3. PREPARATION - this pro-active phase involves
organizing training and equipment personnel of the
organization. In general, military commanders and
officers of the PNP must organize, train and equip
special reaction, security and negotiation elements
and provide their immediate activation when the need
arises.

National Level Organization


NCCM – National Committee on Crisis Management - Serves
as the umbrella organization for crisis management. The primary concern is the
formulation of crisis management policies, integration of mil/pol to public efforts
towards the prevention and control of crisis.

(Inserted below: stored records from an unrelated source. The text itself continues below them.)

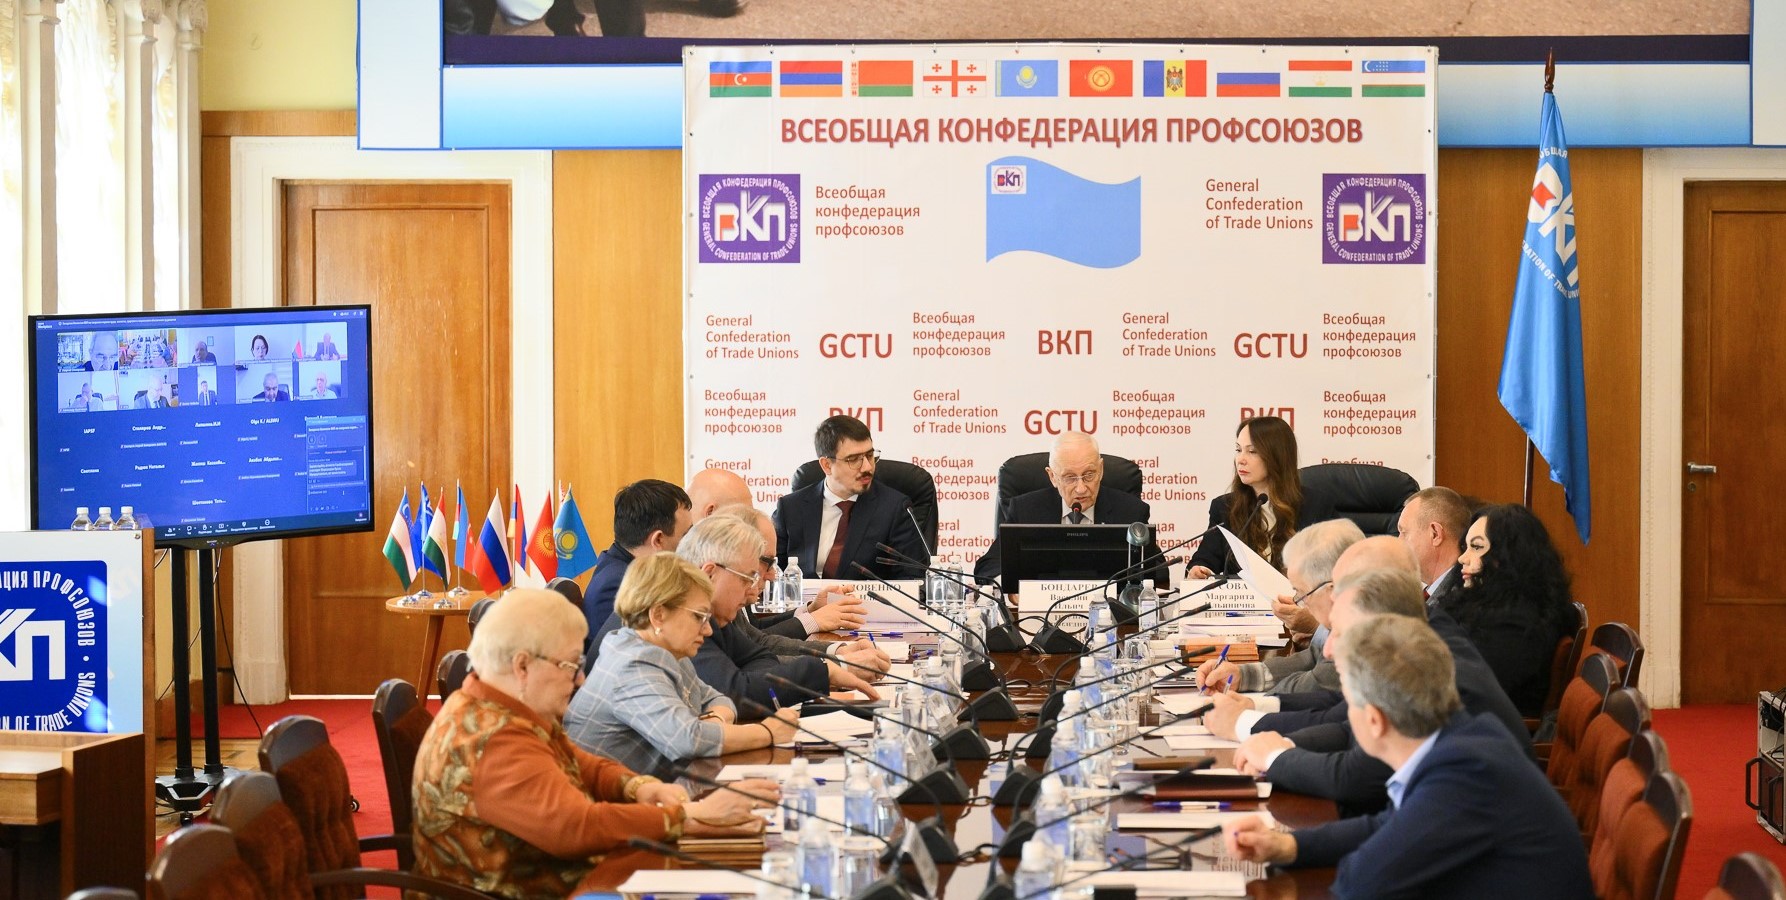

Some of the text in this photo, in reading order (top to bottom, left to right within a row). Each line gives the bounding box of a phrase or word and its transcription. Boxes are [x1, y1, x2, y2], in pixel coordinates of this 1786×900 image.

[782, 118, 1362, 147] ВСЕОБЩАЯ КОНФЕДЕРАЦИЯ ПРОФСОЮЗОВ
[816, 185, 886, 200] Всеобщая
[1205, 177, 1260, 193] General
[703, 178, 797, 220] ВСЕОБЩАЯ КОНФЕДЕРАЦИЯ ПРОФСОЮЗОВ
[1206, 196, 1303, 211] Confederation
[1327, 178, 1423, 220] ВСЕОБЩАЯ КОНФЕДЕРАЦИЯ ПРОФСОЮЗОВ
[715, 190, 785, 241] ВКП
[816, 205, 921, 221] конфедерация
[1339, 191, 1410, 241] ВКП
[816, 220, 904, 239] профсоюзов
[1205, 215, 1313, 230] of Trade Unions
[703, 222, 797, 261] GENERAL CONFEDERATION OF TRADE UNIONS
[1327, 223, 1423, 261] GENERAL CONFEDERATION OF TRADE UNIONS
[705, 314, 752, 327] General
[912, 312, 975, 325] Всеобщая
[1122, 312, 1169, 324] General
[1322, 313, 1386, 328] Всеобщая
[706, 331, 791, 343] Confederation
[912, 329, 1006, 344] конфедерация
[1122, 328, 1208, 341] Confederation
[1323, 330, 1416, 344] конфедерация
[819, 333, 892, 359] GCTU
[1038, 330, 1092, 355] ВКП
[1234, 332, 1308, 359] GCTU
[707, 347, 799, 359] of Trade Unions
[913, 343, 992, 358] профсоюзов
[1123, 345, 1216, 356] of Trade Unions
[1324, 344, 1402, 358] профсоюзов
[705, 388, 767, 403] Всеобщая
[913, 389, 960, 401] General
[1112, 390, 1176, 403] Всеобщая
[1323, 390, 1387, 405] Всеобщая
[705, 406, 796, 419] конфедерация
[913, 406, 998, 417] Confederation
[1112, 407, 1205, 421] конфедерация
[1323, 406, 1416, 423] конфедерация
[704, 422, 783, 435] профсоюзов
[914, 422, 1006, 433] of Trade Unions
[1024, 410, 1098, 435] GCTU
[1112, 423, 1191, 436] профсоюзов
[1324, 422, 1403, 436] профсоюзов
[912, 456, 973, 470] Всеобщая
[935, 473, 996, 486] федераци
[1142, 473, 1197, 484] ederation
[937, 490, 989, 502] фсоюзов
[1165, 489, 1205, 500] Unions
[1206, 593, 1254, 603] Маргарита
[33, 570, 95, 646] ПРОФСОЮЗОВ
[67, 672, 95, 717] UNIONS

It is composed by:
1. PAFSECOM – Philippine Air Force Security Command
2. PNSWG – Philippine Navy Special Welfare Group
3. PASAG – Philippine Army Special Action Group
4. PNPSAG – Philippine National Police Special Action Group
RCAG – Regional Crisis Action Group
RCMOC – Regional Crisis Management Operation Center - the
point of all communications from the OSCP
OSCP – On-Scene Command Post
The OSCP shall establish within the crisis incident site. It is a post or
unit within a probable target to be headed by an on-scene commander (OSC)
whose responsibility is to take charge of every happening of a crisis incident
scene.

Composition of the OSCP


TACTICAL UNIT – composed of regular military or police placed
under the operational command of the OSC.
1. Reaction Element – Special action unit which are specially
organized, equipped and deployed in the region to hold special
operation in cases of crisis incident.
2. Security Element – military or police personnel task to protect the
area of perimeter security to prevent occurrence of unnecessary
incidents.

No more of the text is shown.